The ladies followed the hunt of Louis XIV on horseback, seldom, if ever, in the older manner of sitting behind their cavalier on the same steed. From the time of Catherine de Medici, indeed, the Italian side-saddle had become the fashion for women.

Under Louis XV the ladies sought a little more comfort, and followed the equipage sitting in a sort of hamper-like, diminutive basket, hung from the broad back of a sturdy quadruped. Dresses became more fanciful, both in materials and colours. From this it was but a step to even more elaborate toilettes which necessitated a conveyance of some sort on wheels, but the most intrepid still clung to the traditionally classic methods. Marie Antoinette had her equipage de chasse, and Madame Durfort was constantly abroad in the forests of Montmorency and Boissy, directing the operation of eight or ten professional huntsmen. Among her guests were frequently the ambassadors of Prussia, Russia and Austria.

In the time of Louis XIV the Comtesse de Lude devoted herself to the hunt with a frenzy born of an inordinate enthusiasm. At the head of a pack of hounds she knew no obstacle, and, on one occasion, penetrated on horseback, followed by her dogs, into the oratory of the nuns of the Convent of Estival.

By the end of the seventeenth century the hunt in France had become no more a sport for ladies. Hunting was still a noble sport, but it was more for men than for women. The court hunted not only in royal company, but accepted invitations from any seigneur who possessed an ample preserve and who could put up a good kill; magistrates, financiers and bishops, indeed all classes, became followers of the hunt.

Montgaillard tells of a hunt in which he took part on the feast day of Saint Bernard, with the monks of the Bernardin Convent in Languedoc. In the episcopal domain of Saverne six hundred beaters were employed on one occasion to provide sport for an assembled company of lords and ladies. These were the days when the bishops were in truth Grand Seigneurs.

The women of the court, while they played the game, ceded nothing to the men in bravery. Neither rain, hail nor snow frightened them. On the 28th of June, 1713, Louis XIV was hunting the deer at Rambouillet when a terrific, cyclonic storm fell upon the equipage, but not a man nor woman in the monarch's party quit. The Duchesse de Berry was "wet to the skin," but her ardour for the hunt was not in the least cooled.

To-day at Fontainebleau or Rambouillet the echo is sounded from the hunting horn of Labaudy, the sugar-king, who pulls off at least two "hunts," with his spectacular equipage, each year, and it is a sight too; a French hunting party was ever picturesque, and if to-day not as practical as the more blood-loving Englishman's hunt, is at least traditionally sentimental, even artificial to the extent, at any rate, that it seems stagy, even to the inclusion of the automobiles which bring and carry away the participants. "Other days, other ways" never had a more strict application than to la chasse a courre in France.

Two accounts are here given of two comparatively modern figures in the French hunting field, which show the great store set by the sport in France.

In the annals of the Chateau de Grosbois, belonging to-day to the Prince de Wagram, are the accounts of an early nineteenth century hunt, which shows that the game cost dear. The "Grand Veneur" of the Napoleonic reign was a master sportsman, indeed, and to-day, in a gallery of the chateau, are preserved the guns of the master, his hunting crop and saddle, his "colours" and his hunting horn.

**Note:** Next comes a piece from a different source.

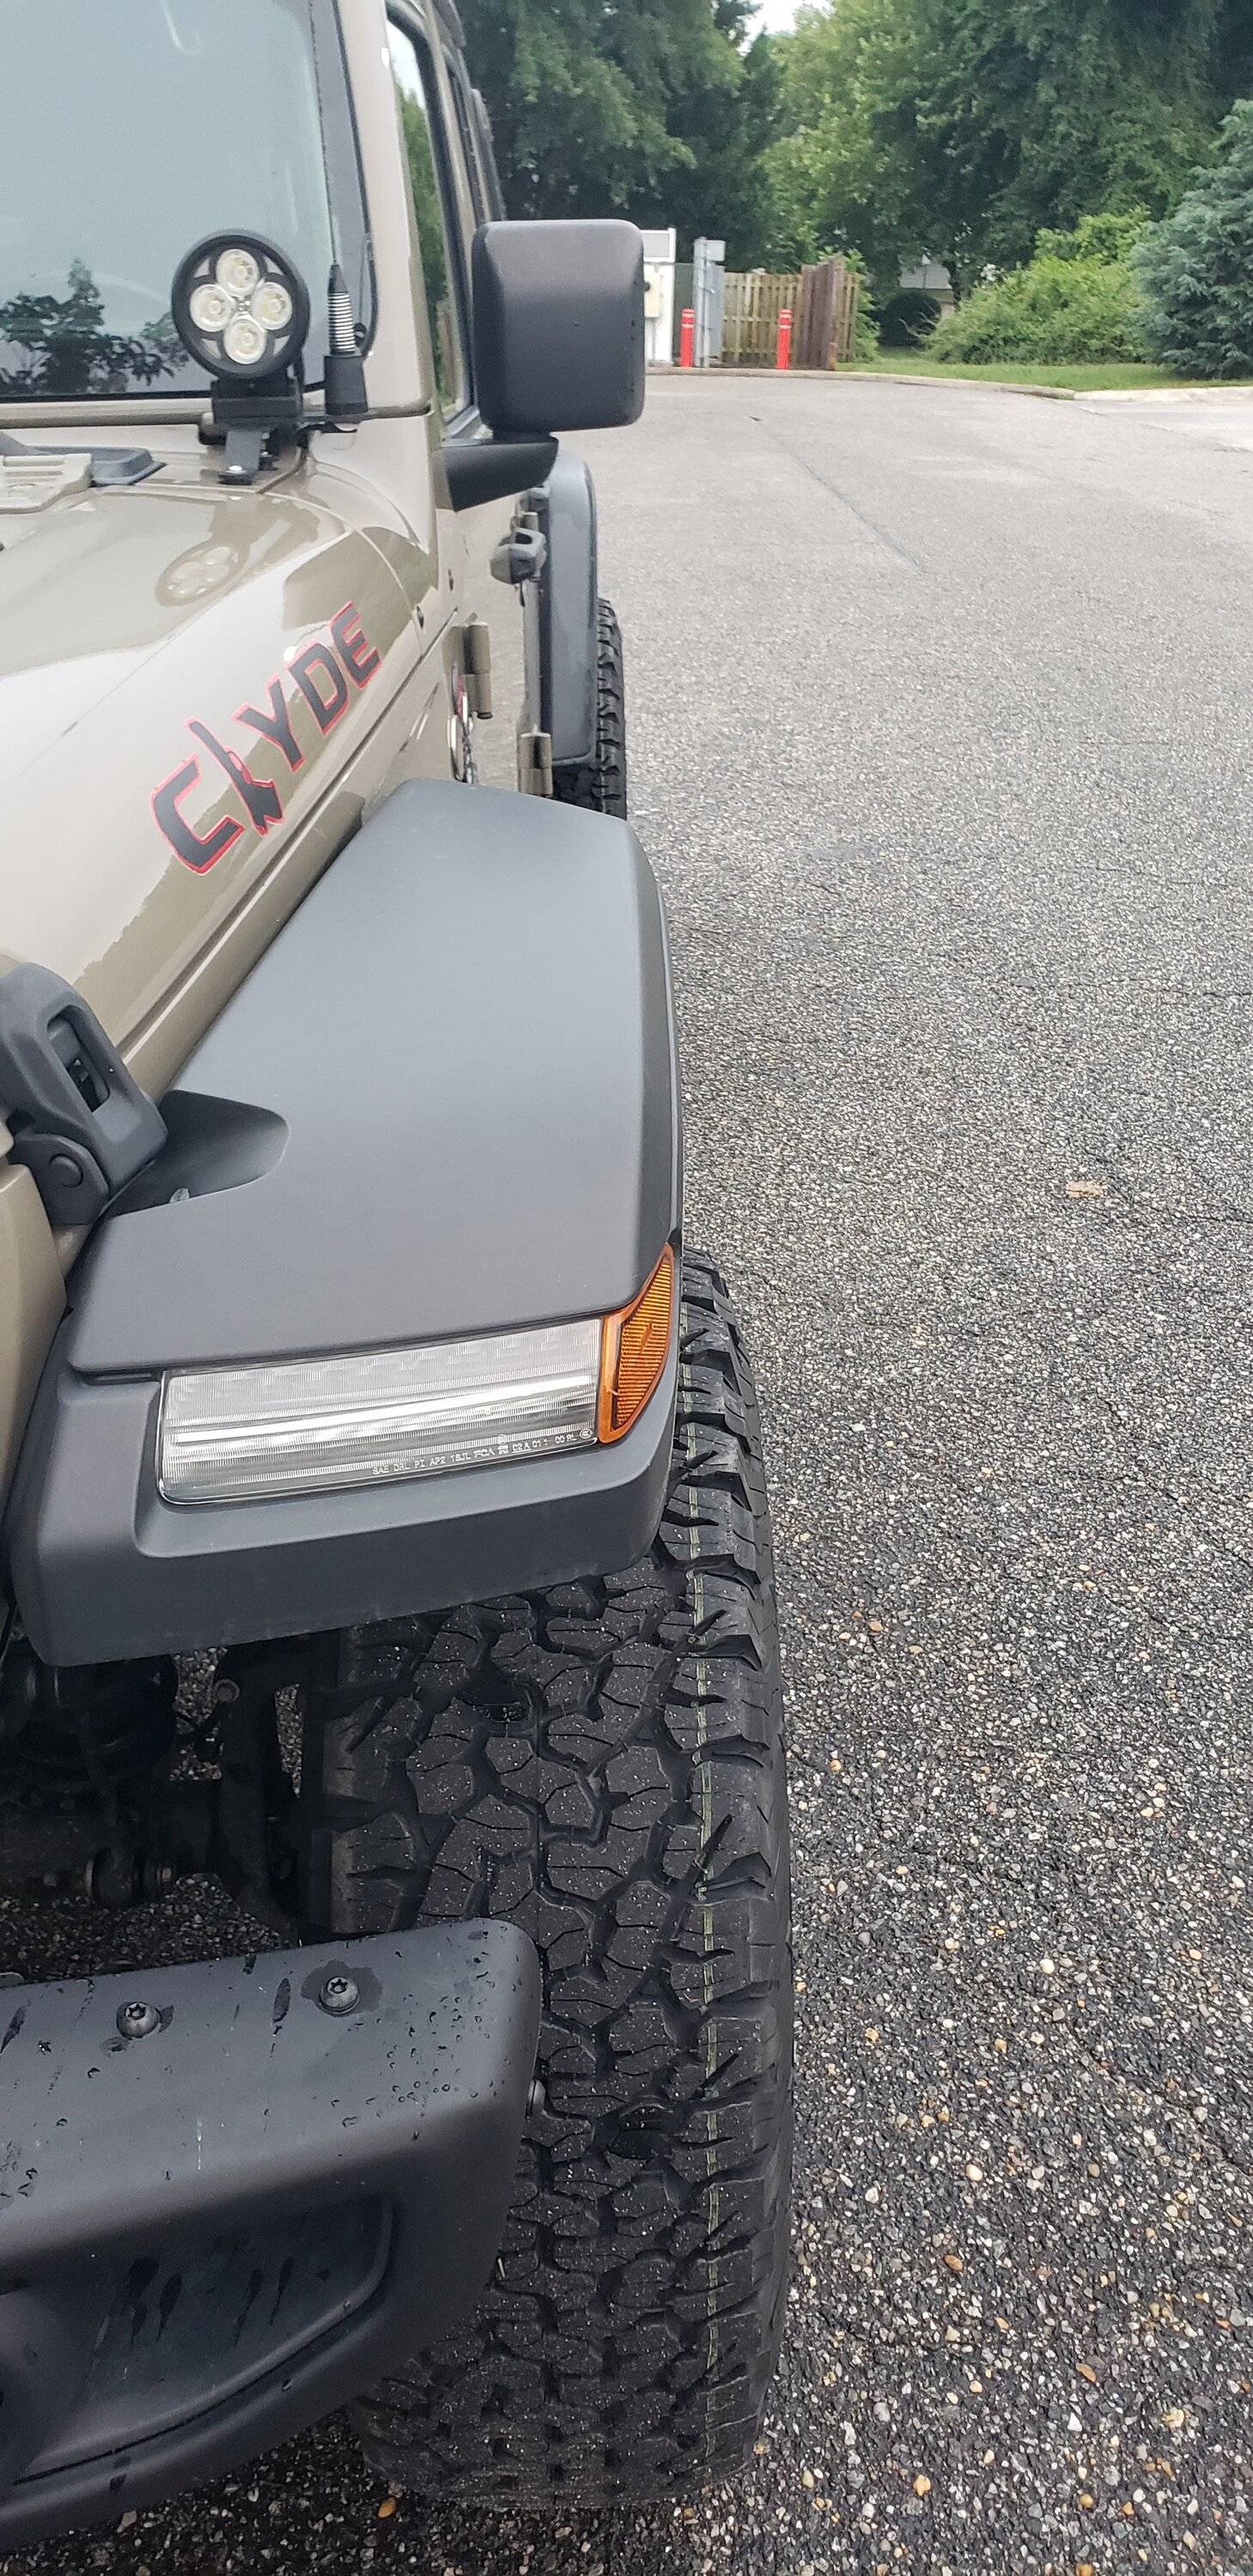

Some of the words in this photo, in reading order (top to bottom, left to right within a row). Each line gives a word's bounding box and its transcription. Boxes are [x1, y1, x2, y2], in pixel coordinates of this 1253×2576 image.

From the registers of the chateau, under date of December 10, 1809, the following, which concerned a hunting party given by the chatelain, is extracted verbatim.

Note of the Maitre d'Hotel for collations for the guests 8,226 francs

Illuminations 1,080 francs

Gratifications to the beaters 1,000 francs

Eau de Cologne for the ladies 30 francs

Gun-bearers 148 francs

Helpers (150) 600 francs

Aids (200) 315 francs

Another hunt was given in 1811, in honour of Napoleon, when such items as three thousand francs for an orchestra, a like sum for bouquets for the ladies, a thousand or two for bonbons and fans, and twelve thousand for hired furniture, etc., to say nothing of the expenses of the hunt itself, made the bag somewhat costly. It was not always easy for the master of the hunt to get justice when it came to paying for his supplies, and in these same records a mention of a dozen leather breeches at a hundred and forty francs each was crossed off and a marginal note, Non, added in the hand of Marechal Berthier, Prince de Wagram, himself.

The chief figure in the French hunting world of to-day is another descendant of the Napoleonic portrait gallery, Prince Murat. At the age of twelve the young Prince Joachim had already followed the hounds at Fontainebleau and Compiegne. In his double quality of relative and companion of the Prince Imperial he was one of the chiefs of the equipment of the Imperial Hunt. To-day, though well past the span of life, he is as active and as enduring in his participation in the strenuous sport as many a younger man and his knowledge of the grand art of venerie, and his ardour for being always ahead with the hounds, is noted by all who may happen to see him while jaunting through the Foret de Compiegne, keeping well up with the traditions of his worthy elder, the "Premier Cavalier" of the First Empire, the King of Naples.

He won his first stripes in the hunting field at Compiegne in 1868, at a hunt given in honour of the Prince de Hohenzollern and the Princesse, who was the sister of the King of Portugal. It was a most moving event, so much so that it just escaped being turned into a drama, for one of the ladies of the court had a leg broken, and the minister, Fould, was almost mortally injured. A "dix cors," a stag with antlers of ten branches, had been run down at the Rond Royal where it had taken refuge in a near-by copse, and after an hour's hard chase was finally cornered in the courtyard of some farm buildings of the Hameau d'Orillets. A troop of cows was entering the courtyard at the same moment, and a most confused melee ensued. The Inspector of Forests saved the situation and the cows of the farmer, and the stag fell to the carabine of Prince de la Moskowa, with the young Prince Murat on his pony in the very front rank.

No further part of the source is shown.